Entretien avec Etienne Balibar réalisé par Pierre Chaillan

Entretien avec Étienne Balibar, philosophe, professeur émérite de l’université Paris-Nanterre, professeur affilié au département d’anthropologie à l’université de Californie, professeur associé à l’université Columbia et professeur au Centre de recherche en philosophie européenne moderne (CRMEP) à l’université Kingston de Londres. Entretien avec Pierre Chaillan.

Pourriez-vous nous dire d’abord pourquoi vous avez souhaité être partie prenante de cet anniversaire et de ce hors-série exceptionnel de l’Humanité ?

On ne refuse pas l’honneur de s’exprimer dans le journal de Jaurès et de générations de militants, surtout dans une période aussi critique que celle que nous traversons maintenant. C’est aussi une occasion privilégiée de contribuer à la discussion entre tous ceux qui, dans notre pays et ailleurs, refusent l’injustice de la société capitaliste et aspirent à une révolution communiste. Le contenu et les voies de celle-ci doivent néanmoins être repensés pour être à la hauteur des conditions de notre temps, en tirant les leçons d’un passé où figurent tout à la fois les actions les plus héroïques, de grandes luttes d’émancipation et les pires erreurs ou même des crimes contre l’humanité. J’ai appartenu au Parti communiste français et je ne me renie pas. J’en suis venu à questionner non seulement telle ou telle orientation, mais la « forme-parti » elle-même comme support de l’action révolutionnaire. Du moins comme support« exclusif ». Une forme qui d’ailleurs prête à d’extraordinaires variations. Ce qu’on appelle aujourd’hui parti n’a rien à voir avec ce que Marx et Engels entendaient par là dans le Manifeste de 1848, à savoir un mouvement politique d’ensemble de la classe exploitée reposant sur de multiples formes de solidarité. Et si vous regardez quels partis se disent communistes aujourd’hui, vous avez d’un côté une formation politique de gauche comme le PCF, insérée à la fois dans la lutte des classes et dans le pluralisme démocratique bourgeois, de l’autre côté un parti unique d’État qui conduit la Chine vers l’hégémonie mondiale en construisant un modèle remarquablement efficace de capitalisme autoritaire. On ne peut pas imaginer plus grand écart, et pourtant ces deux partis communistes ont été fondés à moins d’un an d’intervalle, sur la lancée de la révolution d’Octobre. C’est ce type de contradiction, où se concentre toute l’histoire du siècle, qu’il nous faut analyser en même temps que nous cherchons à faire passer dans la réalité notre engagement révolutionnaire.
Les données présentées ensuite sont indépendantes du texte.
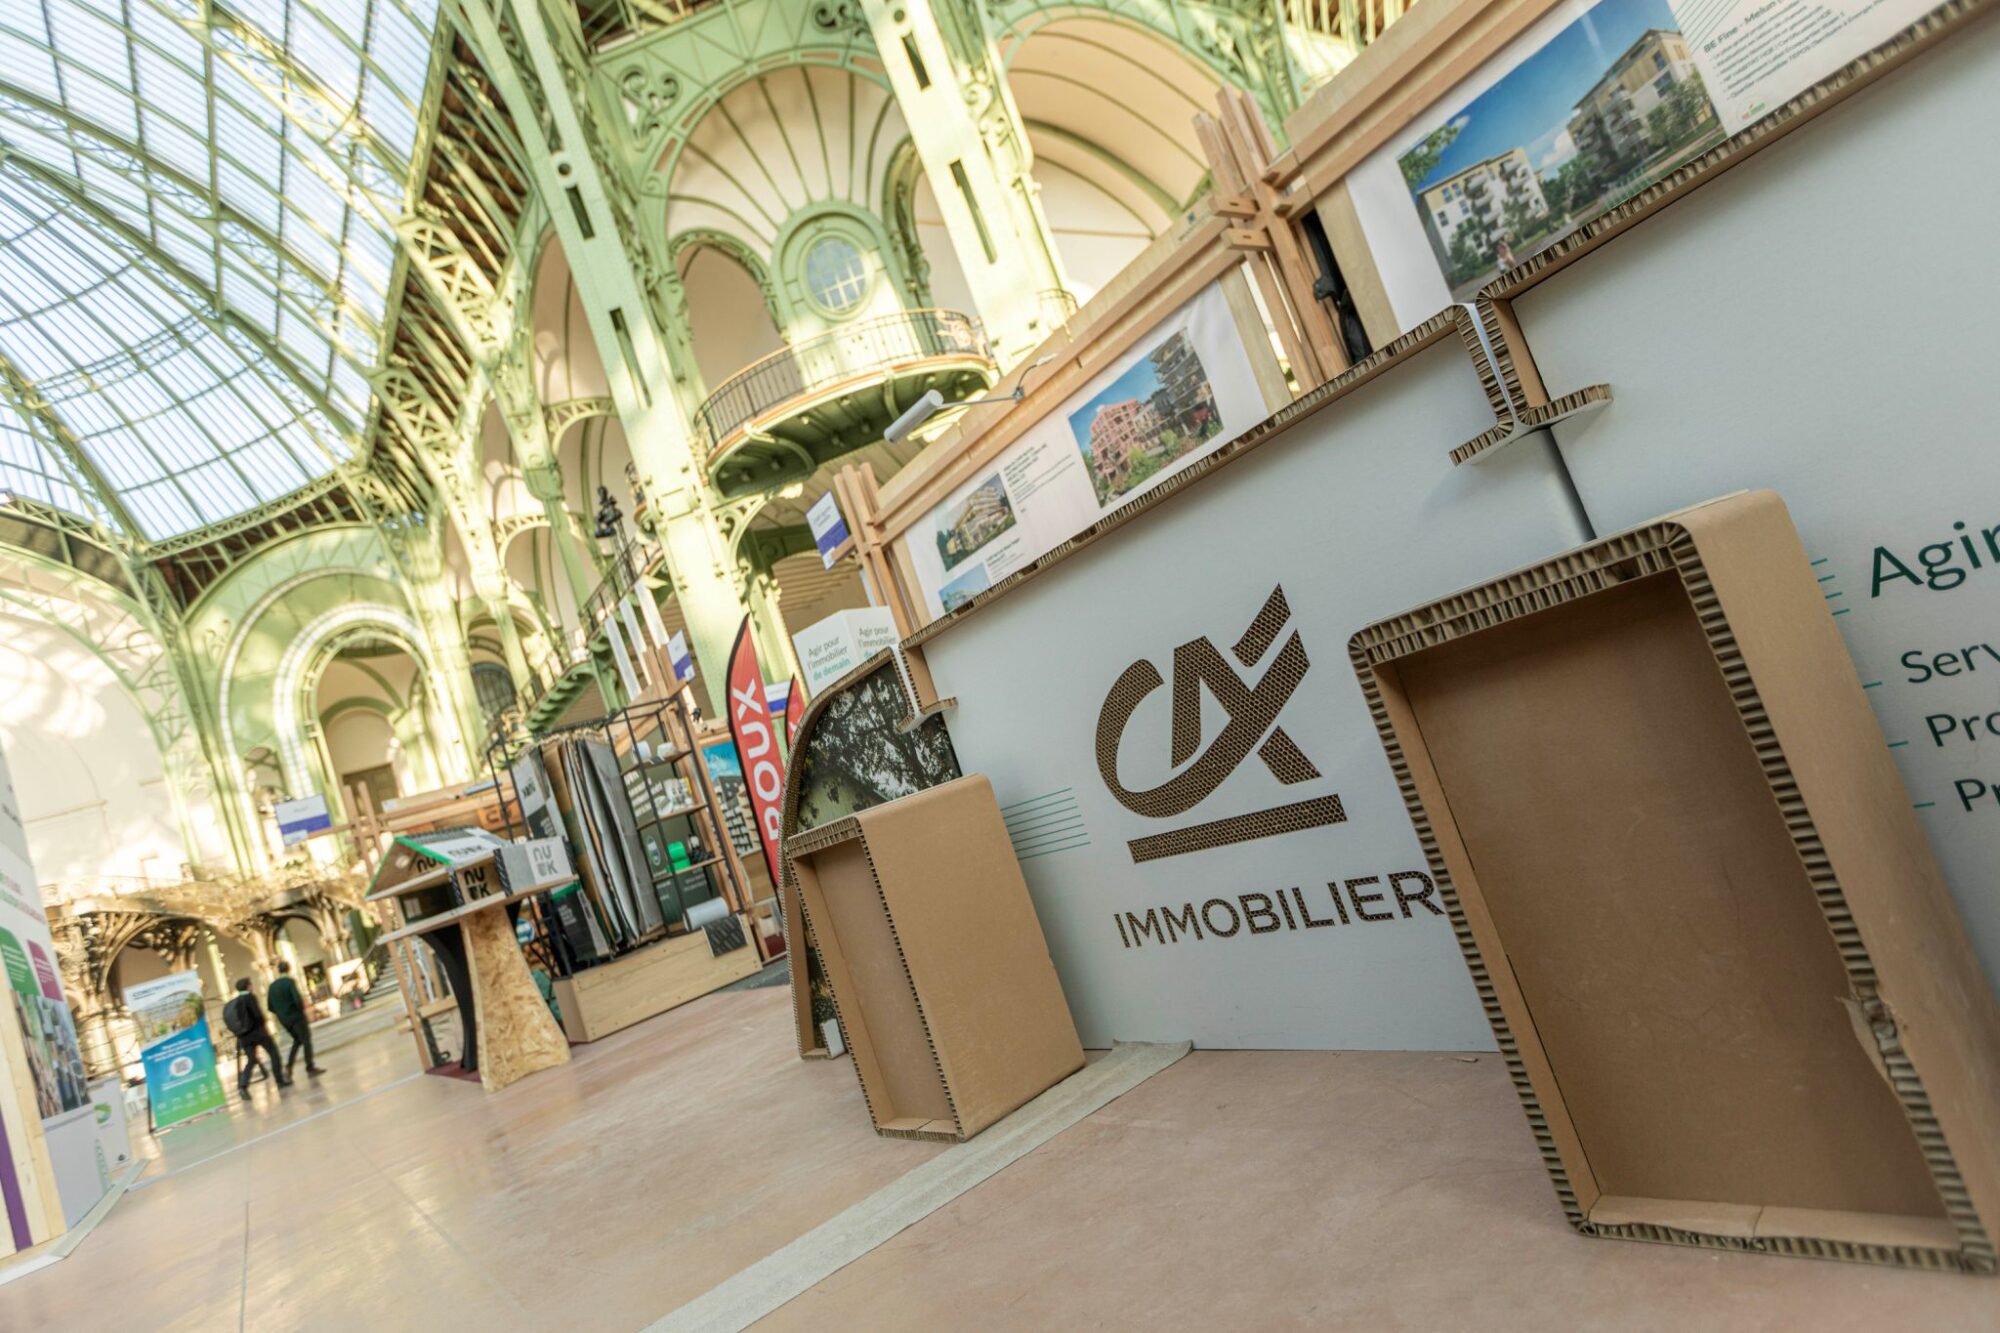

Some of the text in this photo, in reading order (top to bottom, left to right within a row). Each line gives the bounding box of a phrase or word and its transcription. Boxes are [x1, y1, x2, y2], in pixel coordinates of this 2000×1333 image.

À propos d’engagement révolutionnaire, justement, de nombreux mouvements contestent aujourd’hui le capitalisme. De multiples expériences et actions s’appuient sur des rapports non capitalistes et peuvent même se définir comme communistes ou s’inscrivant dans une « visée communiste ». Dans votre dernier livre [1], vous parlez d’« insurrections » et considérez la révolution comme un processus. Est-ce là votre conception du communisme ?

Dans mon livre, j’ai dit deux choses. D’une part, face à la catastrophe affectant les vies de milliards d’êtres humains, dans laquelle se combinent les ravages d’un capitalisme sans contrôle avec la destruction de l’environnement, il faut travailler à un programme « socialiste » pour l’humanité du XXIe siècle, dans lequel se rejoindraient des régulations économiques et environnementales planétaires, des insurrections populaires et des utopies concrètes, expérimentant à petite ou grande échelle de nouveaux modes de vie en commun. D’autre part, un tel programme, dès lors qu’il implique des redistributions massives de ressources, de travail et de pouvoir, n’a de chance de se réaliser que s’il est porté et propulsé par une « subjectivité communiste », une capacité d’action collective révolutionnaire, multiple dans ses formes mais convergeant vers l’imagination d’un autre monde. Or ces deux aspects se rencontrent autour du thème de l’insurrection. C’est le terme-clé dont tout dépend. S’il n’y a pas d’insurrection contre l’ordre existant, rien ne peut évoluer, sinon vers le pire. Mais, justement, il y en a, nous en observons dans toutes les parties du monde et sous de multiples formes, y compris chez nous et chez nos voisins du Sud. Cela dit, la pratique insurrectionnelle pose de redoutables questions, qu’il s’agisse de sa durée, de son unité, de son extension au-delà des frontières, de son caractère démocratique, de ses capacités d’alliance et d’innovation institutionnelle, de son rapport à l’exercice du pouvoir d’État… Je serais tenté de dire que ces questions sont la matière même d’une politique communiste.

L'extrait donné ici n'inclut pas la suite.